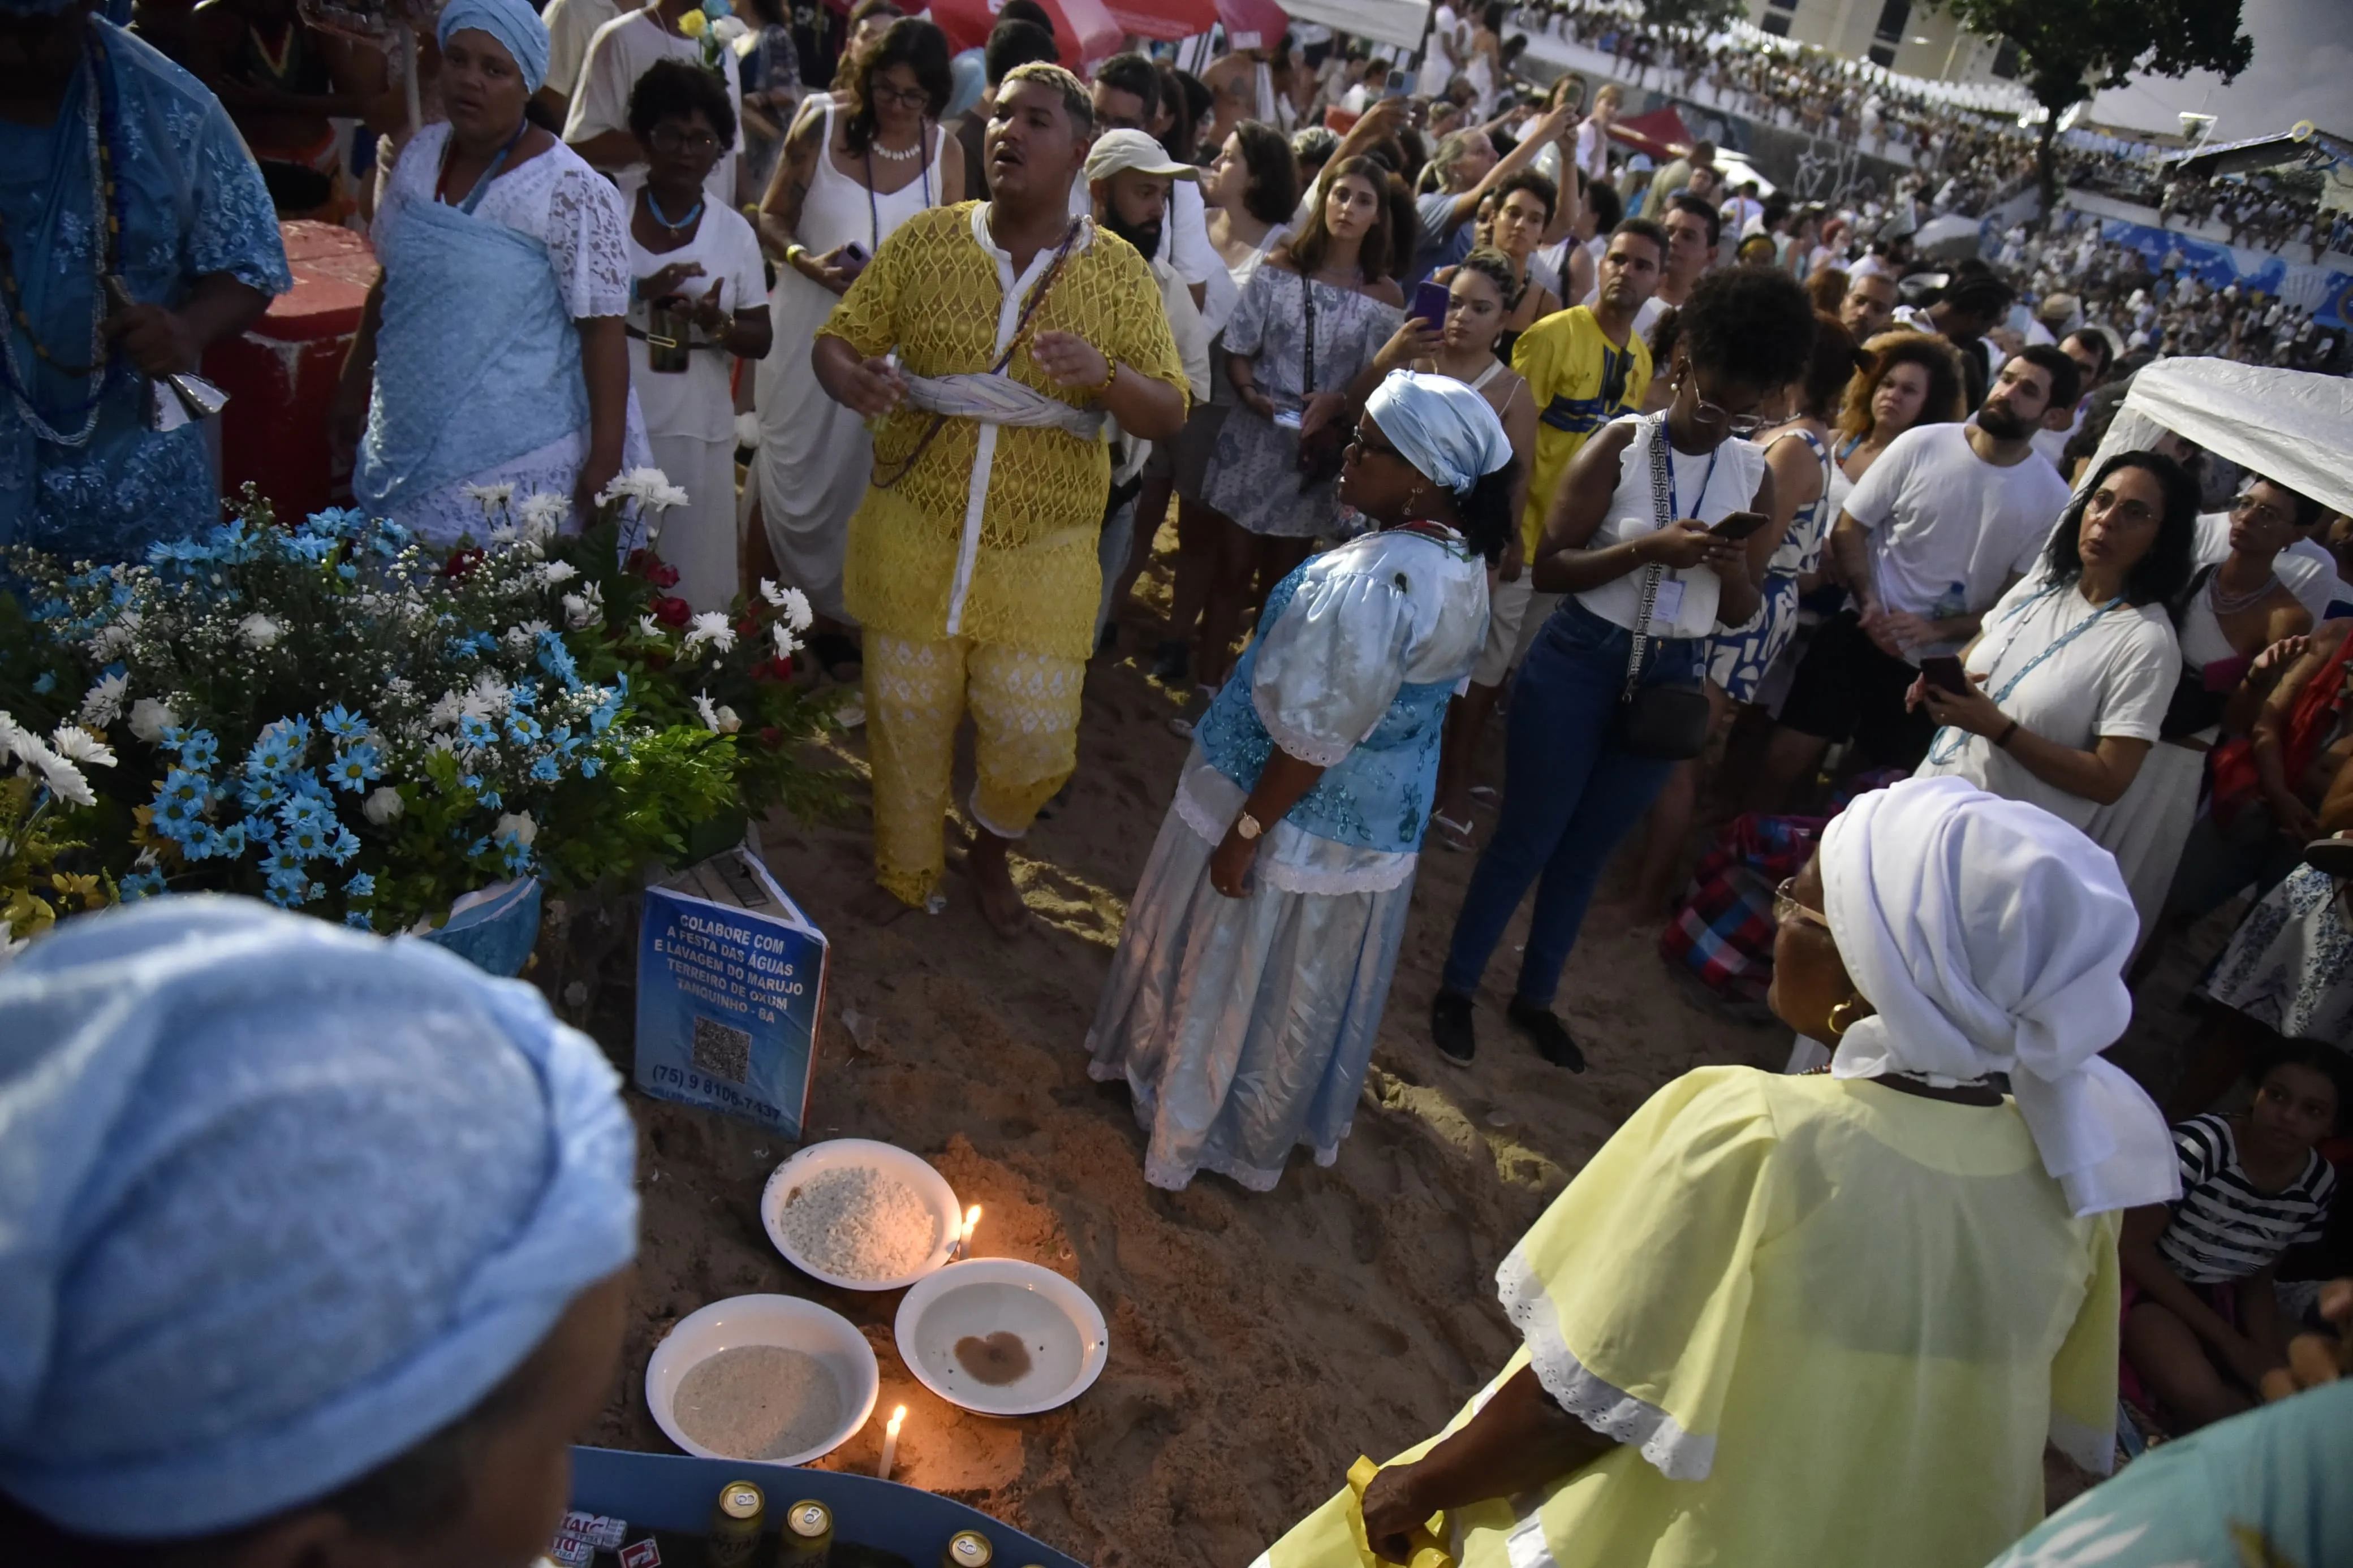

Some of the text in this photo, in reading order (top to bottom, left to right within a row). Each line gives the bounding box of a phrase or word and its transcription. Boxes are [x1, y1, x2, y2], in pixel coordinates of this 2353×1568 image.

[667, 926, 794, 977] A FESTA DAS ÁGUAS
[680, 914, 784, 954] COLABORE COM
[654, 939, 803, 996] E LAVAGEM DO MARUJO
[667, 957, 788, 1010] TERREIRO DE OXUM
[676, 977, 748, 1013] TANQUINHO
[759, 1008, 774, 1023] BA
[653, 1064, 683, 1088] (75)
[689, 1075, 699, 1089] 9
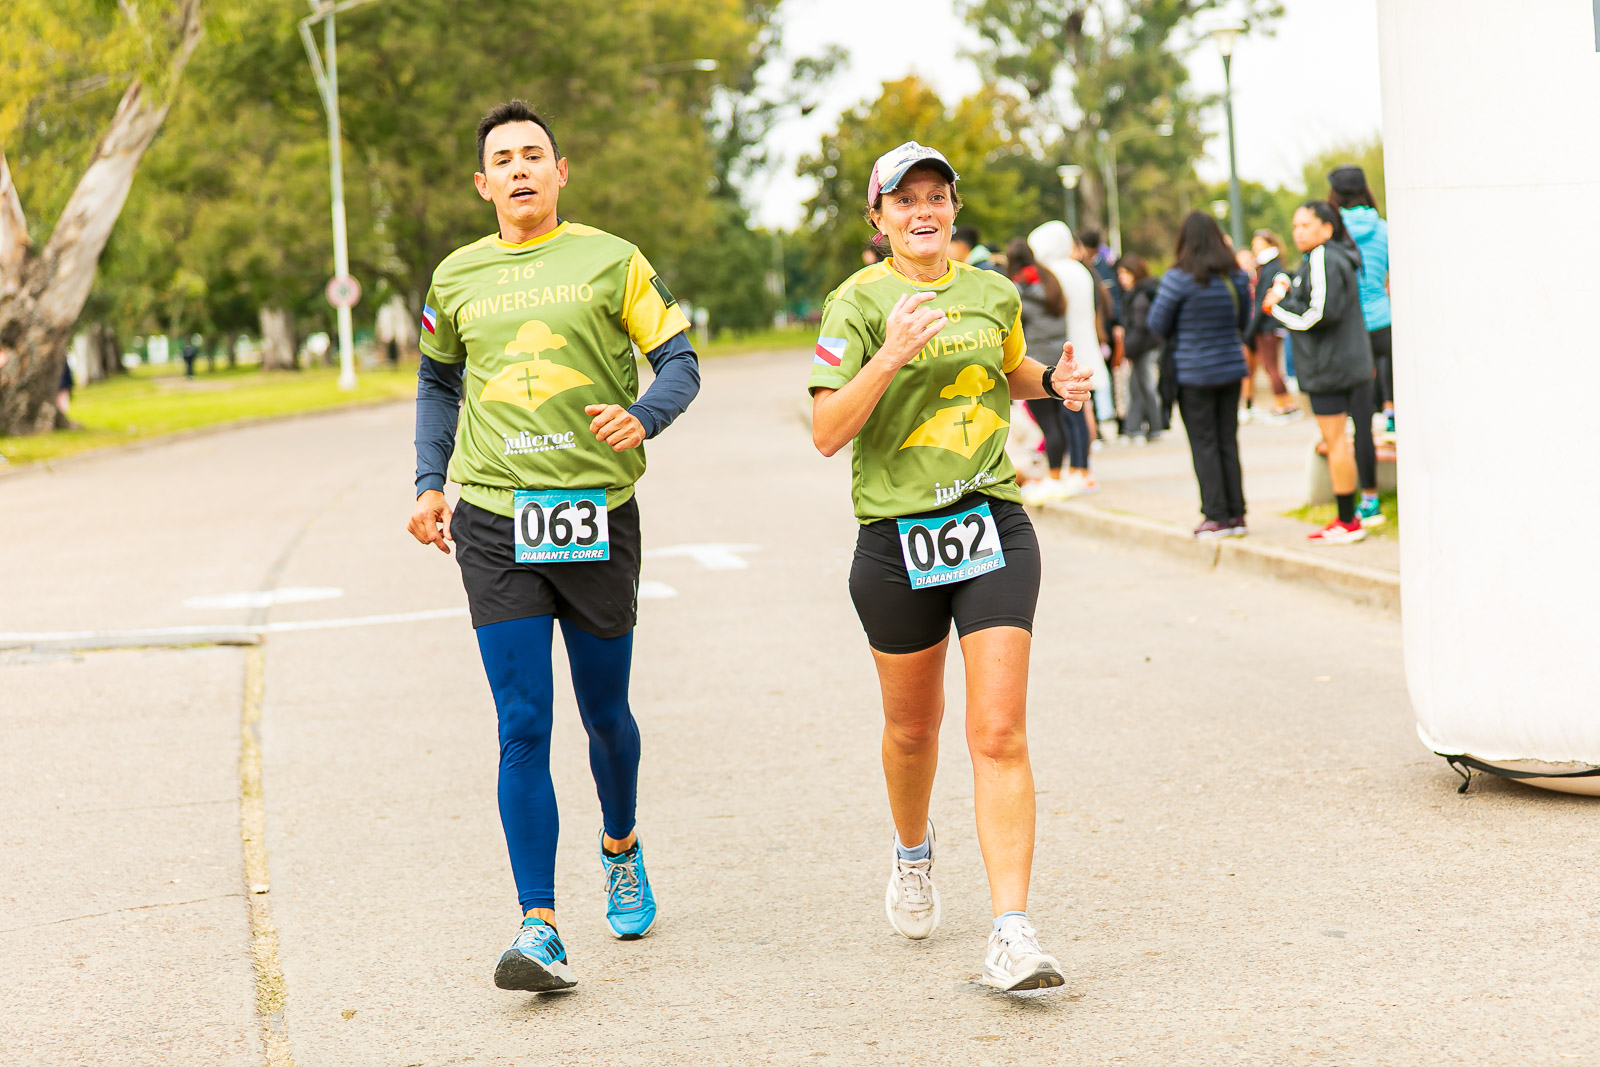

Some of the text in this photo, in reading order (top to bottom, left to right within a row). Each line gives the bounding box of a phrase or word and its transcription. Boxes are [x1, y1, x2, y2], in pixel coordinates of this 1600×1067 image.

[459, 283, 594, 326] ANIVERSARIO
[501, 430, 575, 456] julicroc
[520, 499, 599, 549] 063
[520, 549, 605, 561] DIAMANTE CORRE
[907, 512, 995, 573] 062
[915, 558, 1001, 587] DIAMANTE CORRE
---+---
* Required action
Keep each line of the records exactly as it is while transcribing them, but leave the images behind.

* Result for this task
Some of the text in this photo, in reading order (top to bottom, left to right within a row). Each line gives the bounding box of a phrase or word and its transcription. Boxes are [x1, y1, x2, y2], in pixel coordinates of this 2353×1568 image.

[667, 926, 794, 977] A FESTA DAS ÁGUAS
[680, 914, 784, 954] COLABORE COM
[654, 939, 803, 996] E LAVAGEM DO MARUJO
[667, 957, 788, 1010] TERREIRO DE OXUM
[676, 977, 748, 1013] TANQUINHO
[759, 1008, 774, 1023] BA
[653, 1064, 683, 1088] (75)
[689, 1075, 699, 1089] 9

Some of the text in this photo, in reading order (top to bottom, left to right within a row). Each line gives the bounding box of a phrase or word and its transcription. Boxes are [x1, y1, x2, y2], in pixel coordinates of this 1600×1067 image.

[459, 283, 594, 326] ANIVERSARIO
[501, 430, 575, 456] julicroc
[520, 499, 599, 549] 063
[520, 549, 605, 561] DIAMANTE CORRE
[907, 512, 995, 573] 062
[915, 558, 1001, 587] DIAMANTE CORRE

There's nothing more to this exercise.